Although, mobile apps are a field that has continually attracted the interest of researchers and has excellent prospects, both for the improvement of health care and economic interest [10,11], comprehensive information on its developmental considerations seem somewhat limited. Studies have reported gaps in the understanding of formal standards and evidence-based approaches employed in the development and evaluation of the effectiveness of mobile apps [12,13].

Considerations in Mobile Phone App Development

Presently, knowledge about the standard recommended practice for mobile app development for chronic disease management seems divergent and inconclusive. Some studies have reported the benefits of developing mobile apps based on health behavior and communication change theories [14,15]. The main reason for using these theories is to adopt techniques and strategies and help patients embrace healthier lifestyles. Existing models and theories include transtheoretical model [16], social cognitive theory [17], self-determination theory [18], social ecological theory [17] and motivational interviewing [19]. These theories have served as guards in designing mobile app interventions to individuals’ baseline characteristics.

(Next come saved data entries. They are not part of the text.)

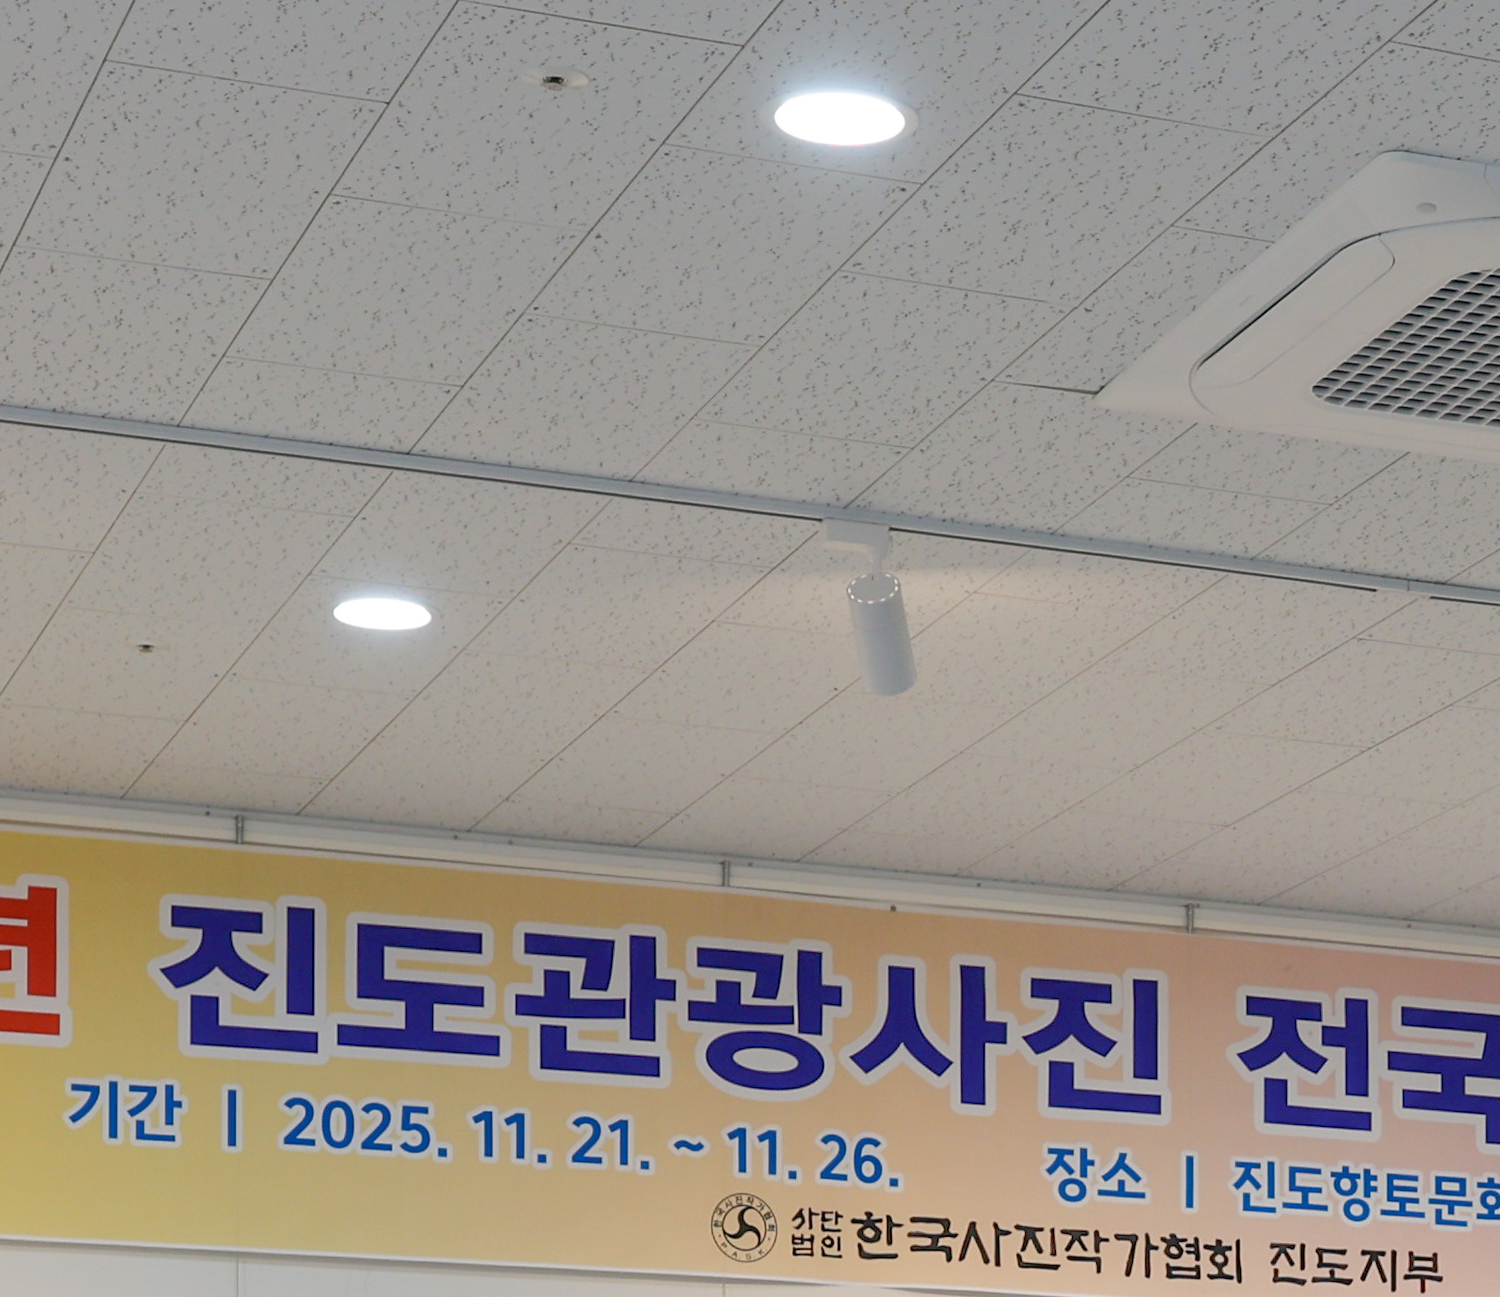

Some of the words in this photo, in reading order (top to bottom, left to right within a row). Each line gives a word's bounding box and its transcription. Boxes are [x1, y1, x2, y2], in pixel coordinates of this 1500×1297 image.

[160, 904, 1162, 1114] 진도관광사진
[69, 1081, 183, 1143] 기간
[283, 1097, 449, 1158] 2025.
[1045, 1147, 1147, 1203] 장소
[791, 1234, 843, 1259] 법인
[850, 1211, 1243, 1284] 한국사진작가협회
[1269, 1239, 1444, 1294] 진도지부

Some authors are of the opinion that the development of health care tools for patient groups such as those with diabetes requires an understanding of current challenges and barriers to self-care [20]. This approach serves as an avenue for exploring users’ needs at a specific time and envisaging what may evolve with time. This can help in visualizing the use of the app as users’ demands change [21,22].

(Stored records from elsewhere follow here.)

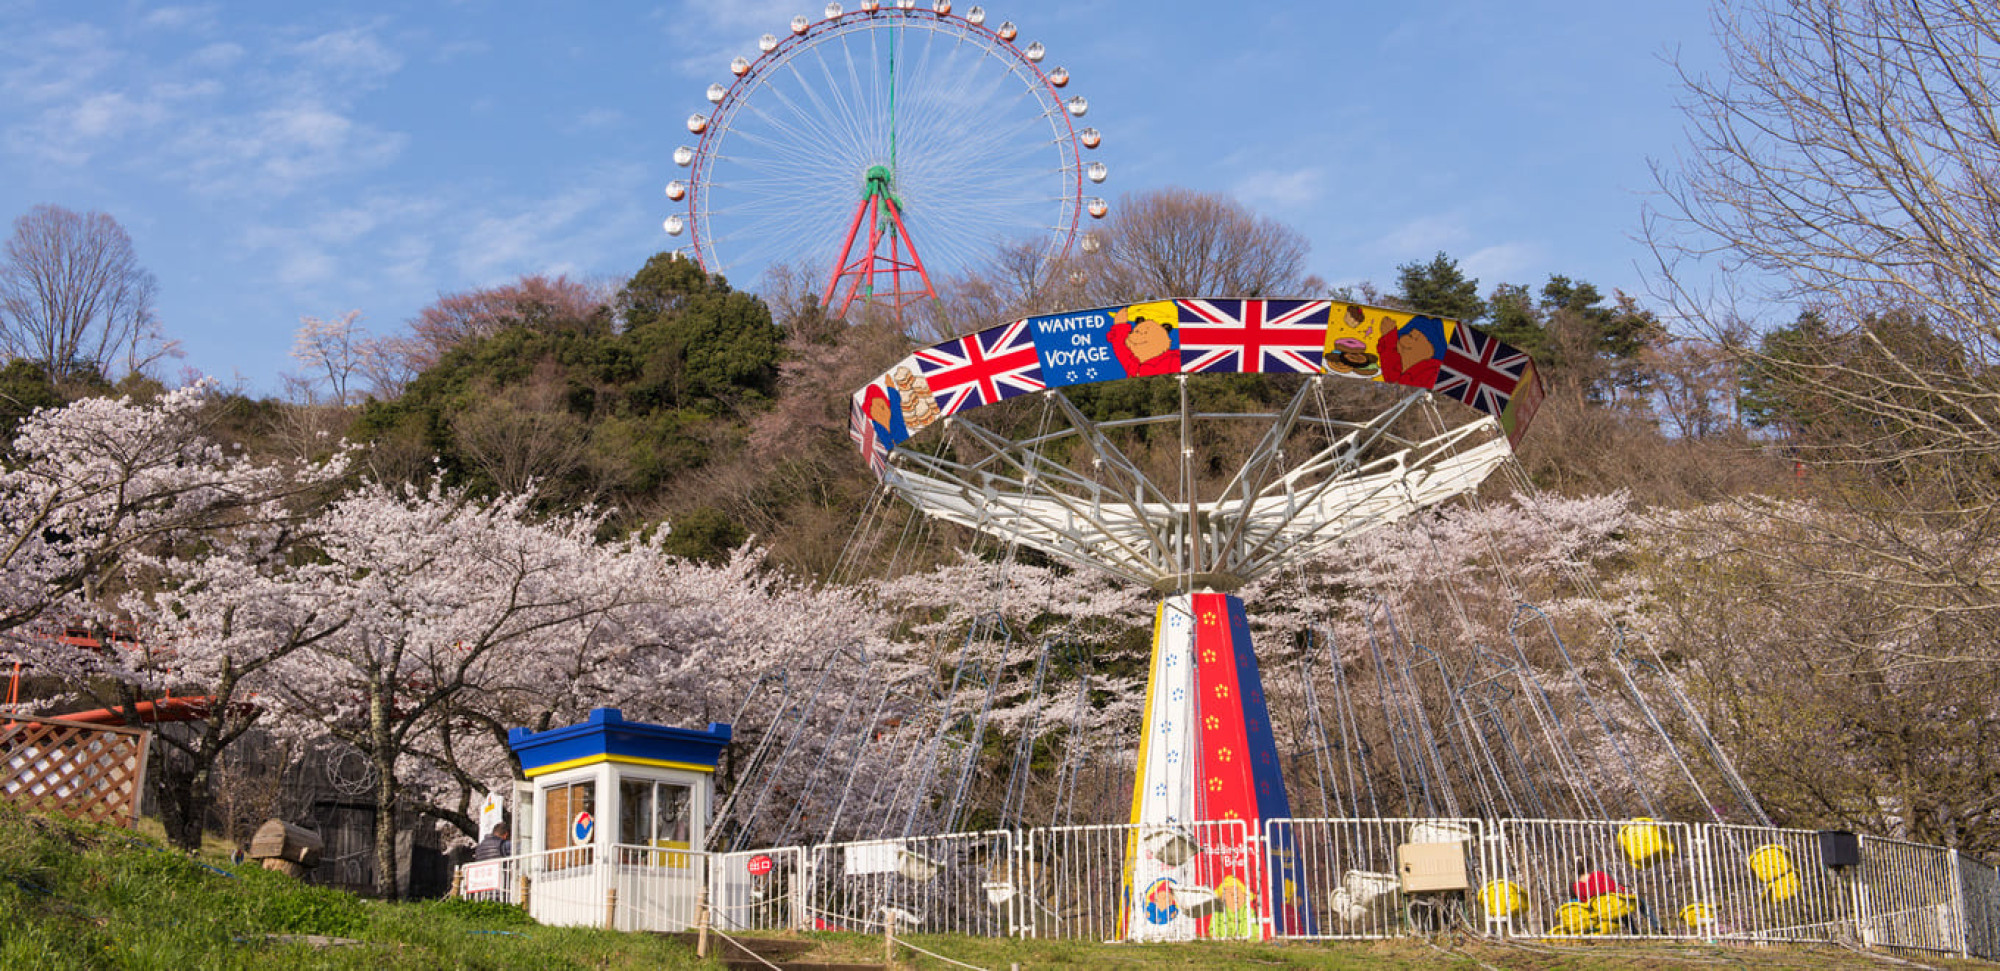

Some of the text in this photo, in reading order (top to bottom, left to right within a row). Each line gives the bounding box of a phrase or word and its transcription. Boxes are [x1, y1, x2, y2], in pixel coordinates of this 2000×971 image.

[1038, 315, 1105, 333] WANTED
[1071, 333, 1092, 346] ON
[1045, 346, 1110, 368] VOYAGE
[1203, 842, 1255, 858] Paddingtn
[749, 859, 770, 870] 出口
[1224, 855, 1248, 867] Bea

Chomutare et al [23] emphasized in their systematic review that good practice in designing mobile apps requires that inclusion of functionalities be anchored on evidence-based recommendations for the target groups. Furthermore, pilot testing with a target audience and incorporating feedbacks will aid identification of barriers to the usage of mobile apps and enhance the evaluation of its reliability, accuracy, usability, acceptability, and patient adherence [3]. Ensuring the incorporation of evidence-based recommendations and pilot testing into app development for diabetes care will allow for accurate interfaces, interpretations, and evaluation of the effectiveness of the mobile app.

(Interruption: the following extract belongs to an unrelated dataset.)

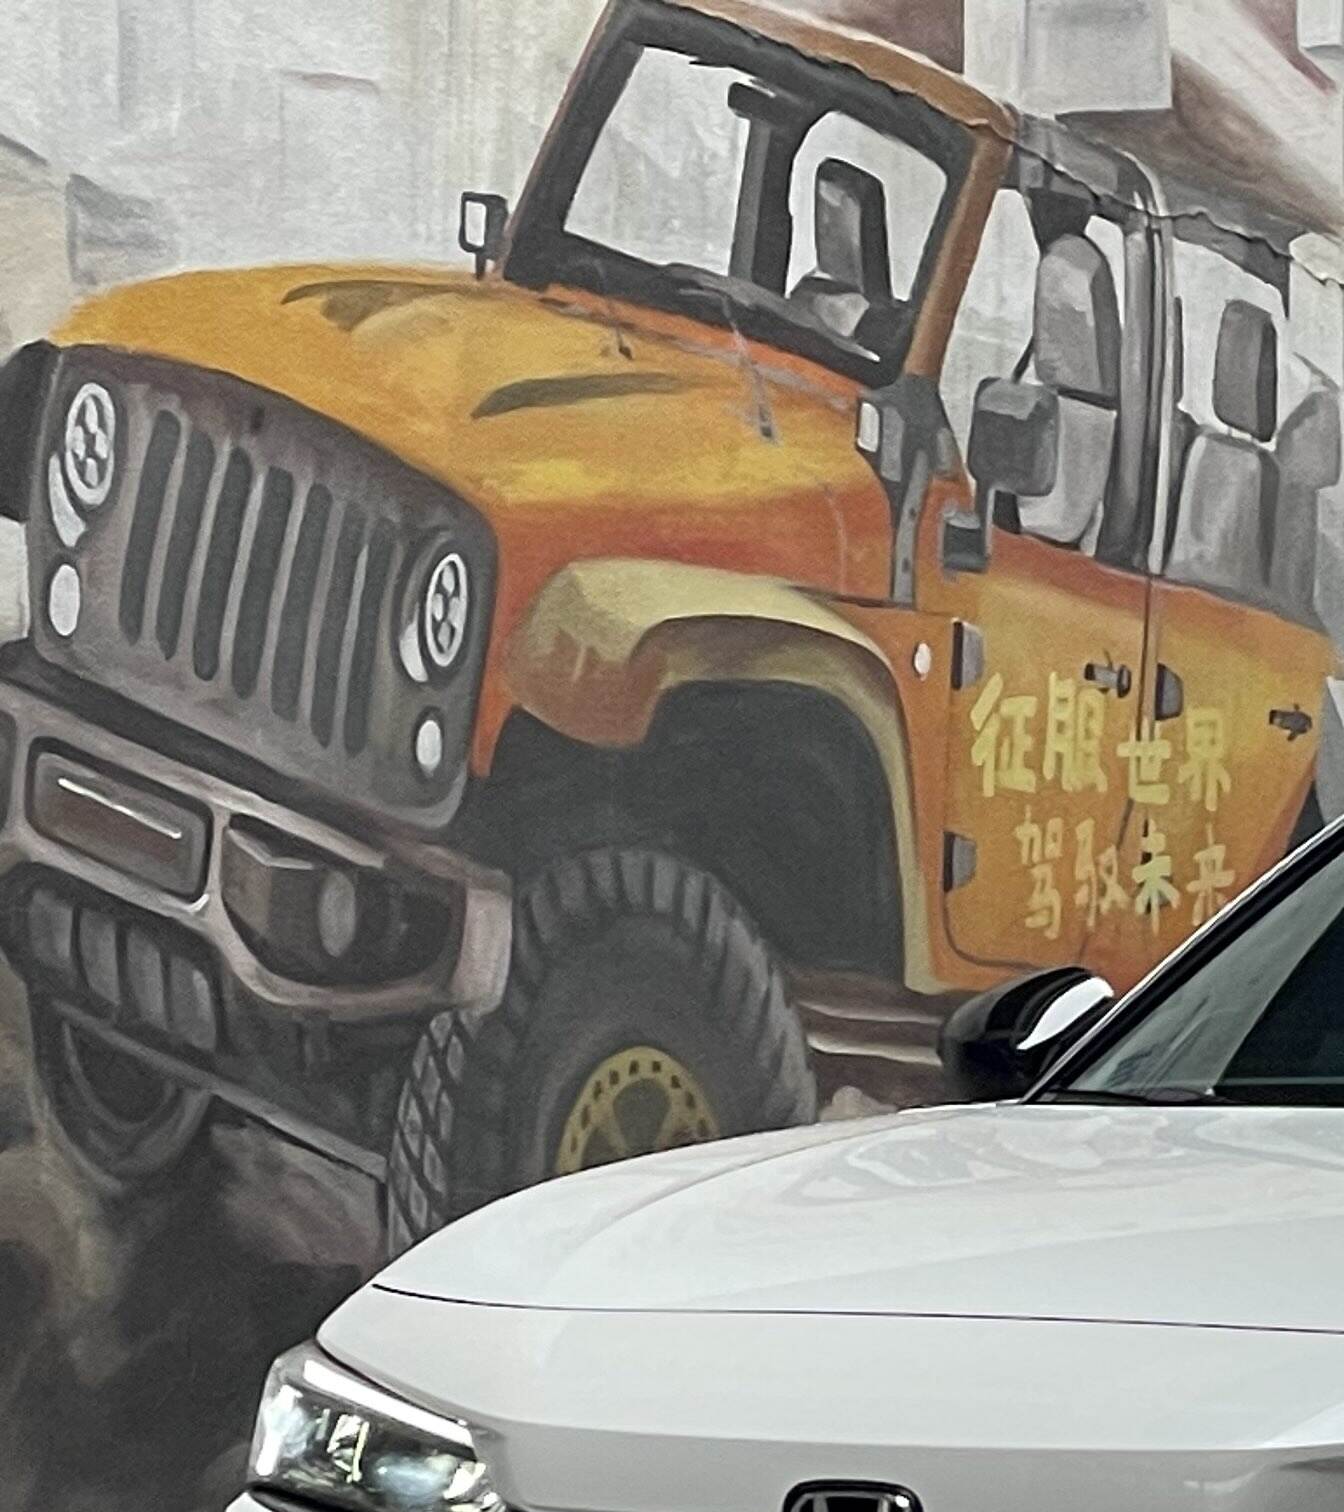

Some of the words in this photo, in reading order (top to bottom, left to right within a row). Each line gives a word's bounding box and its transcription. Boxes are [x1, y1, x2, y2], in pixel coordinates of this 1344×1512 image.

Data privacy and security whereby the users’ information is securely managed is another major developmental consideration [3,24]. Emphasising the use of ‘privacy by design’ approach such as encryption and protocols for anonymous communication and authentication helps to deter unauthorized users from gaining access to patients’ medical data [25,26]. Furthermore, it has been recommended that involvement of clinical experts and multidisciplinary health teams should be an integral part of the developmental and testing process of diabetes mobile apps to ensure that medical guidelines and clinical best practices are followed in the management of diabetes [27].

The various views described above can be labeled as shared decision-making approach to the development of mobile app. Diabetes care and support using this approach in which patients, health care providers, and app developers make health care decision together; taking into account specific evidence as well as specific needs and preferences of patients, has been recommended by various studies because it is seen to produce effective health outcomes [28-30]. Such an approach focuses on patient empowerment, ensuring a transition from a state where patients are only seen as the recipients of care to a position where they also have their opinion considered, and they are allowed to make choices, thereby actively contributing to the decision-making process. Given that the organizational structure within the health care sector now recognizes the patients’ greater role in their health care, this trend should also result in a shift in the process involved in the development of mobile apps. Patient engagement strategies in app development may not necessarily refer to their involvement in the algorithm design but rather in the incorporation of procedures that meet patients’ expectations through the consideration of their experiences, needs, reasons for engagement and satisfaction with the usage of the app.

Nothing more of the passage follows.